Nordea’s DKK 1 billion (€134.3 million) debt financing of a large hotel and retail development in Copenhagen was picked by US manager Hines with an eye on developing local lending partnerships.

The deal for the Trinity Quarter, which closed in January, was announced this week. Hines did not disclose the pricing or the tenor of the loan.

This loan will be used to finance the development of the four-building, 226,000 sq ft (21,000 sq m) mixed-use asset in the heart of Copenhagen’s retail and tourist thoroughfare, close to Round Tower, one of Denmark’s most visited tourist attractions. Hines acquired the properties in 2018 on behalf of its European Value-Add Fund.

James Robson, managing director and country head for the Nordics at Hines, told Real Estate Capital: “Nordea were competitive on the commercial terms of the deal. But building that local relationship was very important to us and is hopefully something we can build on again in our next development.”

The Trinity Quarter is expected to complete in 2021 with the hotel element scheduled to open in Q1 2022. Robson said this schedule has been largely unaffected by the covid-19 pandemic, although the site’s management has had challenges.

“The contractor has worked to minimise the impact of covid-19, and while social distancing has meant fewer contractor-employees in any given site area, overall the delay has been minimal,” said Robson. “But it has provided more of a challenge around managing the site and ensuring the safety of the site.”

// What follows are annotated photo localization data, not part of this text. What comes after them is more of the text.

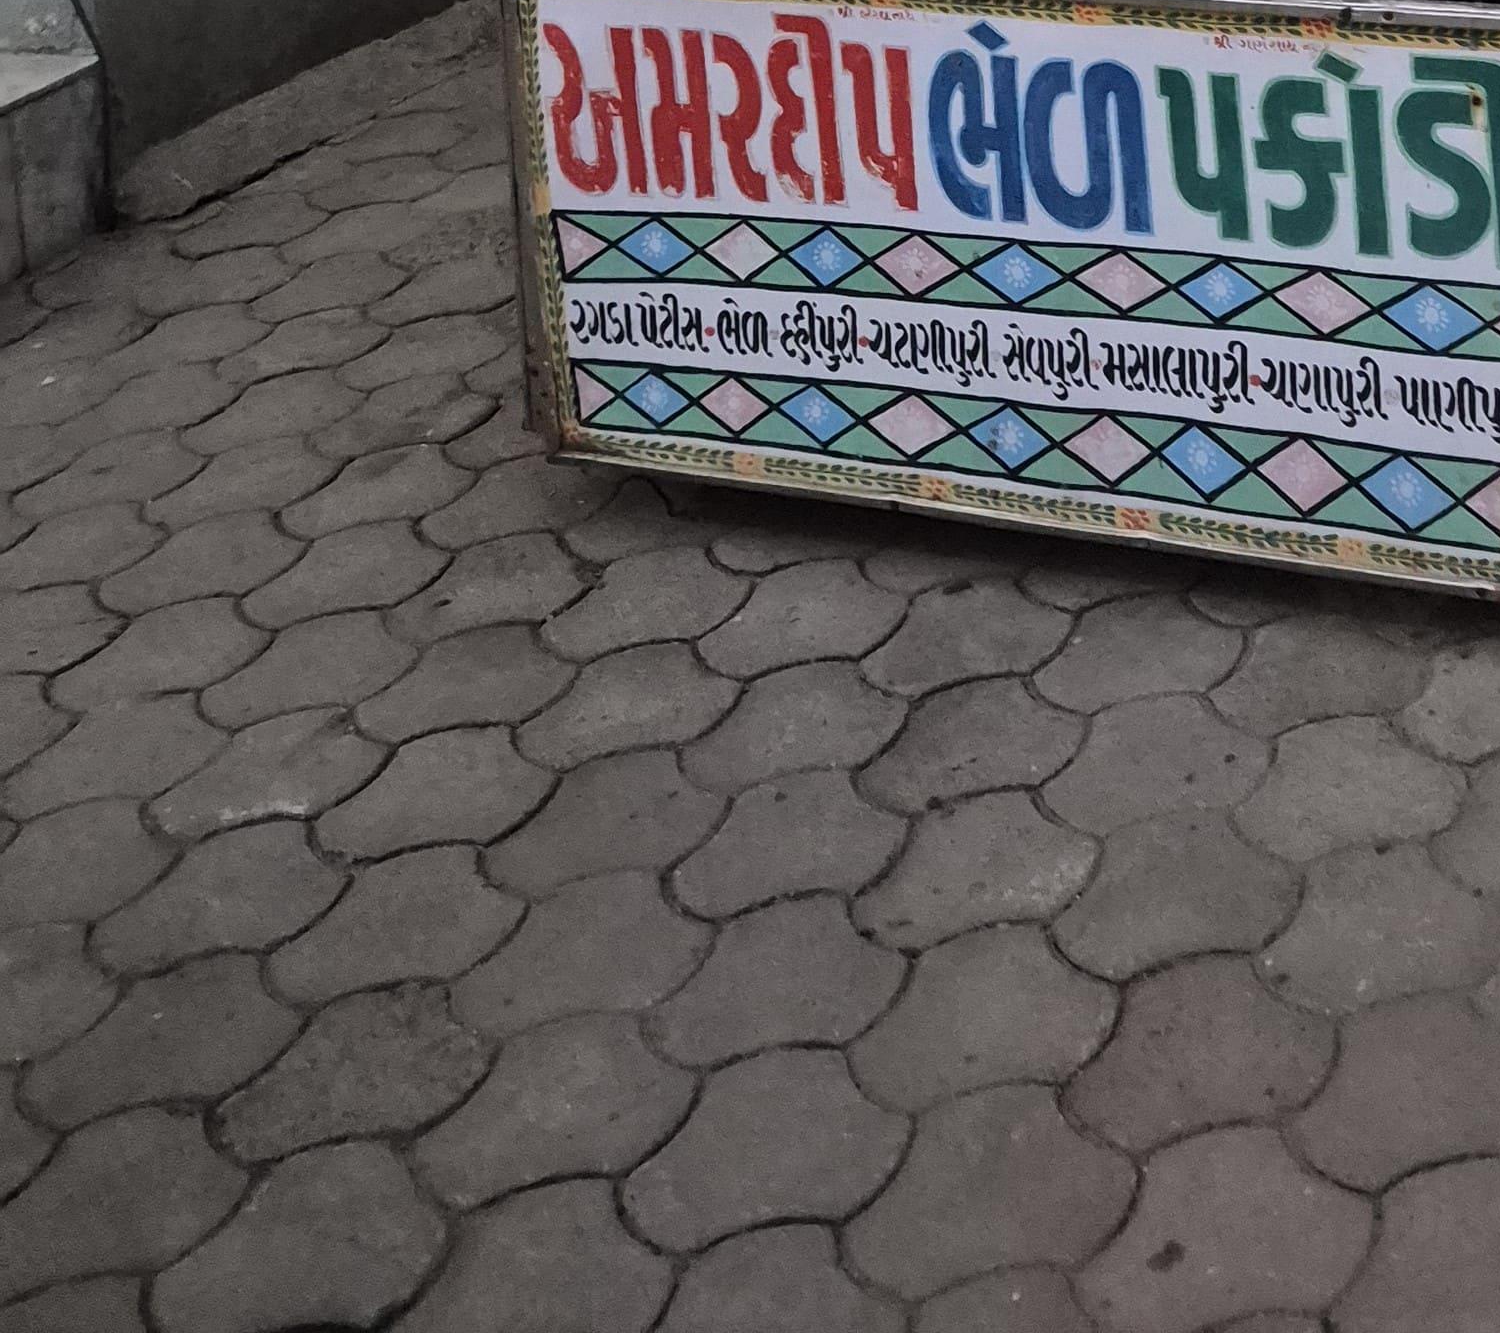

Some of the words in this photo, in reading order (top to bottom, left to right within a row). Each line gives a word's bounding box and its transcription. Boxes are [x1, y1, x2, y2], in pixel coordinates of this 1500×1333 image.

[542, 13, 919, 212] અમરદીપ
[927, 20, 1155, 235] ભેળ
[717, 297, 774, 358] ભેળ
[1002, 323, 1100, 401] સેવપુરી
[1100, 340, 1255, 413] મસાલાપુરી
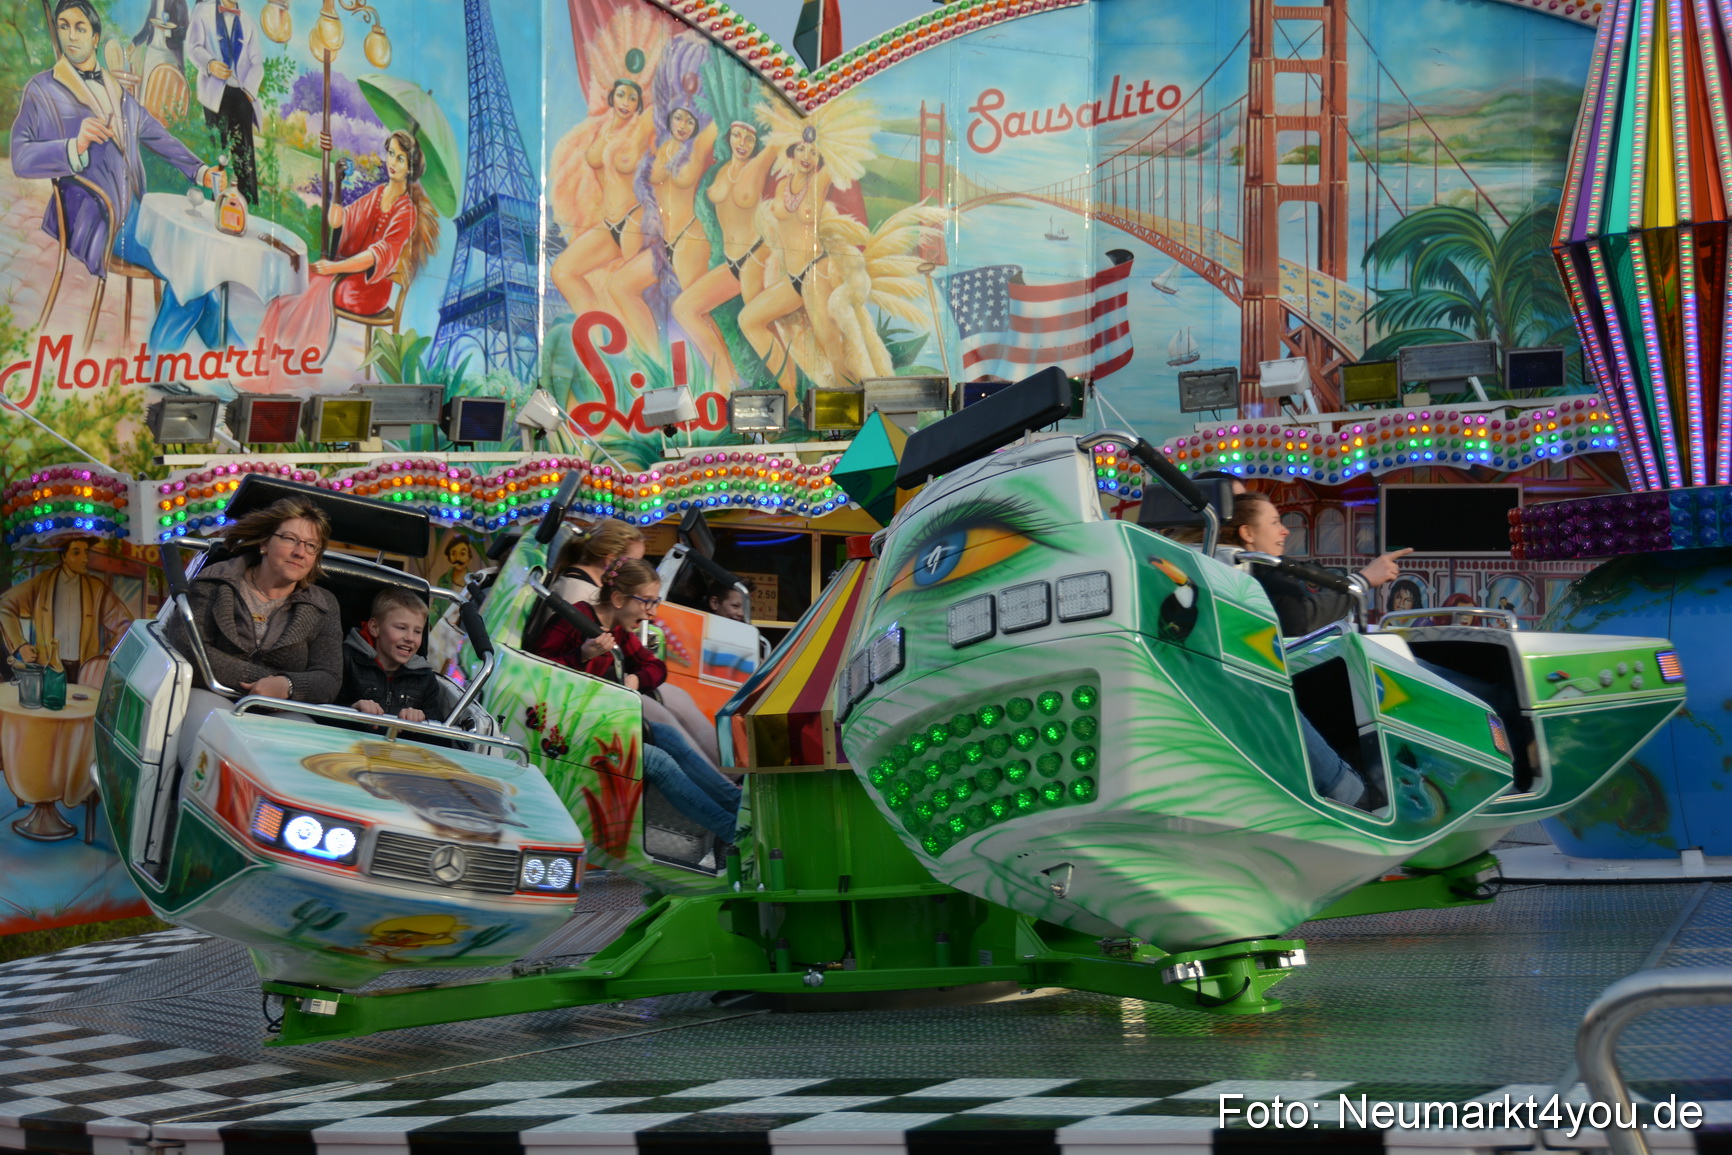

Robson declined to disclose the tenor or pricing of the loan but said the financing will “have enough tenor to complete the redevelopment and subsequently hold the asset”.

He added pricing terms were agreed at the start of the year, before most European lenders had hiked up margins in response to covid-19 uncertainties. Robson said that price hikes are still not currently being seen in Danish transactions.

“So far, we have not seen higher financing costs in Denmark due to covid-19,” said Robson. “A strong sponsor, who is able to offer guarantees satisfactory to banks, is still able to find development and standing asset financing, as long as the quality of the real estate is of sufficient quality.

“Banks, like equity investors, are scrutinising each deal and will only lend on the best product.”

Robson said a consensus around the quality of the development led to lender interest. “Although there are concerns about retail globally, we believe that the best locations will remain resilient in the longer term.”